I still wasn’t able to be around an infant though. It set off an almost PTSD reaction. My youngest who was three when the baby died (Sonora Rain was her name) couldn’t watch or read anything with a baby in it without crying.

This weird psychic thing was still going on a year or so later and then suddenly it stopped. I realized it had been forever since a dream or daydream had come true. I couldn’t remember when I’d picked up on someone’s thoughts last.

It was a beautiful summer day, just before the fourth of July when I discovered I was pregnant again.

And this time it felt wonderful. There was no sense of dread. I was certainly scared but more in a gun shy sort of way instead of the ominous sensation that had followed me with the last pregnancy.

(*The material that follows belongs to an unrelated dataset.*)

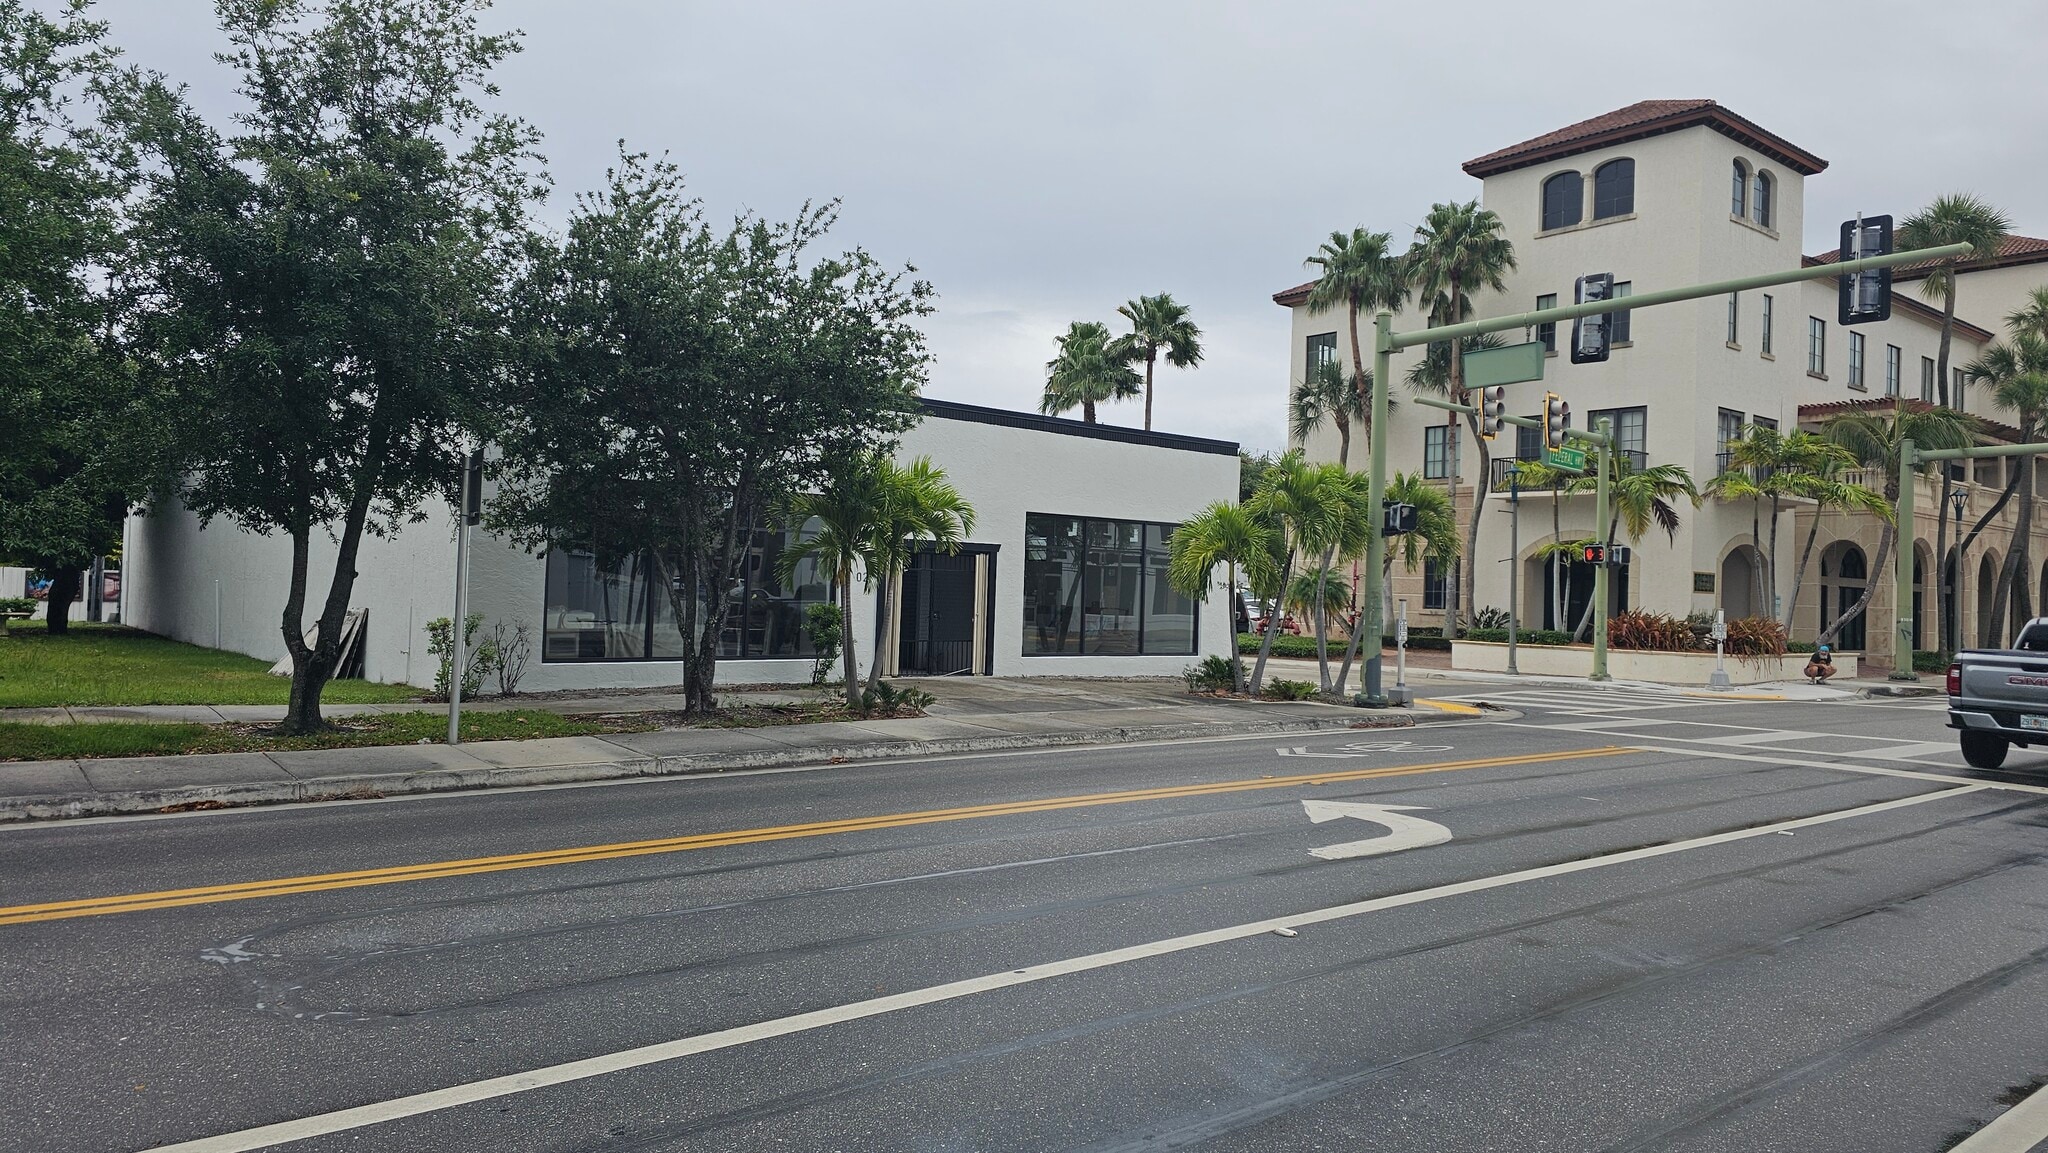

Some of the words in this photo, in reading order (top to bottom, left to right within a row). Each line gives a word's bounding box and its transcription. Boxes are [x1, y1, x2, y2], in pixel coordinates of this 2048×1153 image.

[1551, 450, 1574, 465] FEDERAL
[1599, 549, 1604, 560] 3
[2009, 675, 2048, 686] GM

After almost twenty years of marriage and endless gypsy roving we bought our first (and last!) house. Moving was quite an adventure. We are practically an army. We had a blast one upping our game of “What’s the most redneck thing you’ve ever done?”. This move brought on so many hillbilly opportunities. In the end, we decided that moving the chicken coop full of chickens, miles down the road was the topper. Extra credit was given when the neighbors’ peacocks ran down the road the whole way behind it. 

I nested like crazy. I planned and overspent and over-organized. I bought cloth diapers because, I reasoned, we lived so far out in the country, but really it was because they were all so pretty. I watched a million YouTube videos on cloth diapering. I exhausted every home birth story available on line (if your story says homebirth in the tile- I have read it) occasionally running into one of my own stories and sometimes not recognizing them until halfway through. 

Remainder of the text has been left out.